ASSIGNMENT >>
Below are some records; output all of them exactly as they read.

(Saved data entries)

==*==

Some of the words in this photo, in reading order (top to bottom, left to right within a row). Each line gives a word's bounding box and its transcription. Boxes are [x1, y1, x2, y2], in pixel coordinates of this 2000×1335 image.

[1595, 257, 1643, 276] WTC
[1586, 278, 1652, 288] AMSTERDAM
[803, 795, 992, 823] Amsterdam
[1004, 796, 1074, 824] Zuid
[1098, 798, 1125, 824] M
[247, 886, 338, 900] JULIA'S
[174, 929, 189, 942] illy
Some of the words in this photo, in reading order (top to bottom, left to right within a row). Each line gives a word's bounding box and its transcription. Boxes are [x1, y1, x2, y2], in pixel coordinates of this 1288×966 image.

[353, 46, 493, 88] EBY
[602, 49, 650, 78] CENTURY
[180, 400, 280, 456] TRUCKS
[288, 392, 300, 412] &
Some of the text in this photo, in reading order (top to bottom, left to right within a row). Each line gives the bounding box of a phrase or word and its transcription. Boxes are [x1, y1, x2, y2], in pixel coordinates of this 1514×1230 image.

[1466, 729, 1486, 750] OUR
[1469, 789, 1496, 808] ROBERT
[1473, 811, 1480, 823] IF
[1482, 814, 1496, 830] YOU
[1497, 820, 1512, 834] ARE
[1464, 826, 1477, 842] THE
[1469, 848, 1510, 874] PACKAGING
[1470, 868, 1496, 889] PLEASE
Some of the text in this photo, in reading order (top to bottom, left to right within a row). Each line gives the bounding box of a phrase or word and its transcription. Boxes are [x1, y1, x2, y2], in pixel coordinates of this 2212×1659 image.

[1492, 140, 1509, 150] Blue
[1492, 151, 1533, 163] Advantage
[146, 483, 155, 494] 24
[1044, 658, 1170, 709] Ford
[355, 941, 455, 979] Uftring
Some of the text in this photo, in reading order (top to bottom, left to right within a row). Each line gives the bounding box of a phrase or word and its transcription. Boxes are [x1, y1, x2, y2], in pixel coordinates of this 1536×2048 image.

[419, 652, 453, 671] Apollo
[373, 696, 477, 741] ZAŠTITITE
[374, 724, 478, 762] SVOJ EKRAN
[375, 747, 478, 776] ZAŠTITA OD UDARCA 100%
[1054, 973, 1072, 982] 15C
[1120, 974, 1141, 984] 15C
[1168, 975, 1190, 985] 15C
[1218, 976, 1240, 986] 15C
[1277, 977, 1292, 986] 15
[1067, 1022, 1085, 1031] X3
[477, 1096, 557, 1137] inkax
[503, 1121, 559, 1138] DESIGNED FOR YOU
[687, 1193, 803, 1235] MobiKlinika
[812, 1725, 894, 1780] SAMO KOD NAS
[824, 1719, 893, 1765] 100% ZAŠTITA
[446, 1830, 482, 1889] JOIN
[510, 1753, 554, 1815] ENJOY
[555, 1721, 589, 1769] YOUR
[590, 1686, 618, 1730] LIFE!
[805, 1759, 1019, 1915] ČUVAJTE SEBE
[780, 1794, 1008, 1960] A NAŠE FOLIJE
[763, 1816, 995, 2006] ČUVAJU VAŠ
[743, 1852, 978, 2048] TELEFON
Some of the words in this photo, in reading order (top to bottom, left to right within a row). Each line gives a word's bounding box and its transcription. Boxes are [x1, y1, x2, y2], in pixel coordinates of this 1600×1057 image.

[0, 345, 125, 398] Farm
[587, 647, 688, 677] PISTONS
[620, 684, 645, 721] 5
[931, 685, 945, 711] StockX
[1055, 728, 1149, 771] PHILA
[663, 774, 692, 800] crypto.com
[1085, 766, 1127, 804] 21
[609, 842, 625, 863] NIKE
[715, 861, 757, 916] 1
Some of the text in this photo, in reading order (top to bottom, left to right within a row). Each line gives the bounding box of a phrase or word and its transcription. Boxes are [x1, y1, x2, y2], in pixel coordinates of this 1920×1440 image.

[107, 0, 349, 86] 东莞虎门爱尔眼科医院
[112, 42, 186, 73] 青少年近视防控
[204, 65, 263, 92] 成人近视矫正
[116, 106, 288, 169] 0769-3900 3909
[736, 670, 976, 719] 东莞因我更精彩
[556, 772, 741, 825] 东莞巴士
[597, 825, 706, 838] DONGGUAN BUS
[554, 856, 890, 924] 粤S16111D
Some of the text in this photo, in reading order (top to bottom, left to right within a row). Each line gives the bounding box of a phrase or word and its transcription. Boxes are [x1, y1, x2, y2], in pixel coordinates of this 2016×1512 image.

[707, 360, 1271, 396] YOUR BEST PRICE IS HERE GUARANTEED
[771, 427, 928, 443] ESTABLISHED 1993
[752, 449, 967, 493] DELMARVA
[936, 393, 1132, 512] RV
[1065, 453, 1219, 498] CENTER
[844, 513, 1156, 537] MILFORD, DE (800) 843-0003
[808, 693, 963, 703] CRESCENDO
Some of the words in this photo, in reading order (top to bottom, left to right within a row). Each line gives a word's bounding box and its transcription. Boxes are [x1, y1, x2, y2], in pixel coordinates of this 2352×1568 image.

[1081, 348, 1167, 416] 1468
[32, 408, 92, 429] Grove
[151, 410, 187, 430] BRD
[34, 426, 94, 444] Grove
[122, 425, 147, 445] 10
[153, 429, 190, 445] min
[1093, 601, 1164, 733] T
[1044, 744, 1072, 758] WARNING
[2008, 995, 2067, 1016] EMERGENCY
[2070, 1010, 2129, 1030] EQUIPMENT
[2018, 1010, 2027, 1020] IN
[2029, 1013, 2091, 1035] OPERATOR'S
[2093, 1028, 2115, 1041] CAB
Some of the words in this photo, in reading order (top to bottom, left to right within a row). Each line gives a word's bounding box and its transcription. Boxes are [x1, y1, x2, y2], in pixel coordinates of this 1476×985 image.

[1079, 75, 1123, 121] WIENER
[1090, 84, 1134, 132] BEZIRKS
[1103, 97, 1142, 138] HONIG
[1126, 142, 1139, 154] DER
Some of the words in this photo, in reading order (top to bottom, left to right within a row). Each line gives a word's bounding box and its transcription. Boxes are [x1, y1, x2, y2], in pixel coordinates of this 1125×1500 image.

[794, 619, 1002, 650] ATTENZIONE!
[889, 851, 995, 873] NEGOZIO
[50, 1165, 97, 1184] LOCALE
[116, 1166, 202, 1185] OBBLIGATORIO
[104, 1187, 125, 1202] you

==*==

ANSWER SPACE >>
Some of the words in this photo, in reading order (top to bottom, left to right within a row). Each line gives a word's bounding box and its transcription. Boxes are [x1, y1, x2, y2], in pixel coordinates of this 2000×1335 image.

[1595, 257, 1643, 276] WTC
[1586, 278, 1652, 288] AMSTERDAM
[803, 795, 992, 823] Amsterdam
[1004, 796, 1074, 824] Zuid
[1098, 798, 1125, 824] M
[247, 886, 338, 900] JULIA'S
[174, 929, 189, 942] illy
Some of the words in this photo, in reading order (top to bottom, left to right within a row). Each line gives a word's bounding box and its transcription. Boxes are [x1, y1, x2, y2], in pixel coordinates of this 1288×966 image.

[353, 46, 493, 88] EBY
[602, 49, 650, 78] CENTURY
[180, 400, 280, 456] TRUCKS
[288, 392, 300, 412] &
Some of the text in this photo, in reading order (top to bottom, left to right within a row). Each line gives the bounding box of a phrase or word and its transcription. Boxes are [x1, y1, x2, y2], in pixel coordinates of this 1514×1230 image.

[1466, 729, 1486, 750] OUR
[1469, 789, 1496, 808] ROBERT
[1473, 811, 1480, 823] IF
[1482, 814, 1496, 830] YOU
[1497, 820, 1512, 834] ARE
[1464, 826, 1477, 842] THE
[1469, 848, 1510, 874] PACKAGING
[1470, 868, 1496, 889] PLEASE
Some of the text in this photo, in reading order (top to bottom, left to right within a row). Each line gives the bounding box of a phrase or word and its transcription. Boxes are [x1, y1, x2, y2], in pixel coordinates of this 2212×1659 image.

[1492, 140, 1509, 150] Blue
[1492, 151, 1533, 163] Advantage
[146, 483, 155, 494] 24
[1044, 658, 1170, 709] Ford
[355, 941, 455, 979] Uftring
Some of the text in this photo, in reading order (top to bottom, left to right within a row). Each line gives the bounding box of a phrase or word and its transcription. Boxes are [x1, y1, x2, y2], in pixel coordinates of this 1536×2048 image.

[419, 652, 453, 671] Apollo
[373, 696, 477, 741] ZAŠTITITE
[374, 724, 478, 762] SVOJ EKRAN
[375, 747, 478, 776] ZAŠTITA OD UDARCA 100%
[1054, 973, 1072, 982] 15C
[1120, 974, 1141, 984] 15C
[1168, 975, 1190, 985] 15C
[1218, 976, 1240, 986] 15C
[1277, 977, 1292, 986] 15
[1067, 1022, 1085, 1031] X3
[477, 1096, 557, 1137] inkax
[503, 1121, 559, 1138] DESIGNED FOR YOU
[687, 1193, 803, 1235] MobiKlinika
[812, 1725, 894, 1780] SAMO KOD NAS
[824, 1719, 893, 1765] 100% ZAŠTITA
[446, 1830, 482, 1889] JOIN
[510, 1753, 554, 1815] ENJOY
[555, 1721, 589, 1769] YOUR
[590, 1686, 618, 1730] LIFE!
[805, 1759, 1019, 1915] ČUVAJTE SEBE
[780, 1794, 1008, 1960] A NAŠE FOLIJE
[763, 1816, 995, 2006] ČUVAJU VAŠ
[743, 1852, 978, 2048] TELEFON
Some of the words in this photo, in reading order (top to bottom, left to right within a row). Each line gives a word's bounding box and its transcription. Boxes are [x1, y1, x2, y2], in pixel coordinates of this 1600×1057 image.

[0, 345, 125, 398] Farm
[587, 647, 688, 677] PISTONS
[620, 684, 645, 721] 5
[931, 685, 945, 711] StockX
[1055, 728, 1149, 771] PHILA
[663, 774, 692, 800] crypto.com
[1085, 766, 1127, 804] 21
[609, 842, 625, 863] NIKE
[715, 861, 757, 916] 1
Some of the text in this photo, in reading order (top to bottom, left to right within a row). Each line gives the bounding box of a phrase or word and its transcription. Boxes are [x1, y1, x2, y2], in pixel coordinates of this 1920×1440 image.

[107, 0, 349, 86] 东莞虎门爱尔眼科医院
[112, 42, 186, 73] 青少年近视防控
[204, 65, 263, 92] 成人近视矫正
[116, 106, 288, 169] 0769-3900 3909
[736, 670, 976, 719] 东莞因我更精彩
[556, 772, 741, 825] 东莞巴士
[597, 825, 706, 838] DONGGUAN BUS
[554, 856, 890, 924] 粤S16111D
Some of the text in this photo, in reading order (top to bottom, left to right within a row). Each line gives the bounding box of a phrase or word and its transcription. Boxes are [x1, y1, x2, y2], in pixel coordinates of this 2016×1512 image.

[707, 360, 1271, 396] YOUR BEST PRICE IS HERE GUARANTEED
[771, 427, 928, 443] ESTABLISHED 1993
[752, 449, 967, 493] DELMARVA
[936, 393, 1132, 512] RV
[1065, 453, 1219, 498] CENTER
[844, 513, 1156, 537] MILFORD, DE (800) 843-0003
[808, 693, 963, 703] CRESCENDO
Some of the words in this photo, in reading order (top to bottom, left to right within a row). Each line gives a word's bounding box and its transcription. Boxes are [x1, y1, x2, y2], in pixel coordinates of this 2352×1568 image.

[1081, 348, 1167, 416] 1468
[32, 408, 92, 429] Grove
[151, 410, 187, 430] BRD
[34, 426, 94, 444] Grove
[122, 425, 147, 445] 10
[153, 429, 190, 445] min
[1093, 601, 1164, 733] T
[1044, 744, 1072, 758] WARNING
[2008, 995, 2067, 1016] EMERGENCY
[2070, 1010, 2129, 1030] EQUIPMENT
[2018, 1010, 2027, 1020] IN
[2029, 1013, 2091, 1035] OPERATOR'S
[2093, 1028, 2115, 1041] CAB
Some of the words in this photo, in reading order (top to bottom, left to right within a row). Each line gives a word's bounding box and its transcription. Boxes are [x1, y1, x2, y2], in pixel coordinates of this 1476×985 image.

[1079, 75, 1123, 121] WIENER
[1090, 84, 1134, 132] BEZIRKS
[1103, 97, 1142, 138] HONIG
[1126, 142, 1139, 154] DER
Some of the words in this photo, in reading order (top to bottom, left to right within a row). Each line gives a word's bounding box and its transcription. Boxes are [x1, y1, x2, y2], in pixel coordinates of this 1125×1500 image.

[794, 619, 1002, 650] ATTENZIONE!
[889, 851, 995, 873] NEGOZIO
[50, 1165, 97, 1184] LOCALE
[116, 1166, 202, 1185] OBBLIGATORIO
[104, 1187, 125, 1202] you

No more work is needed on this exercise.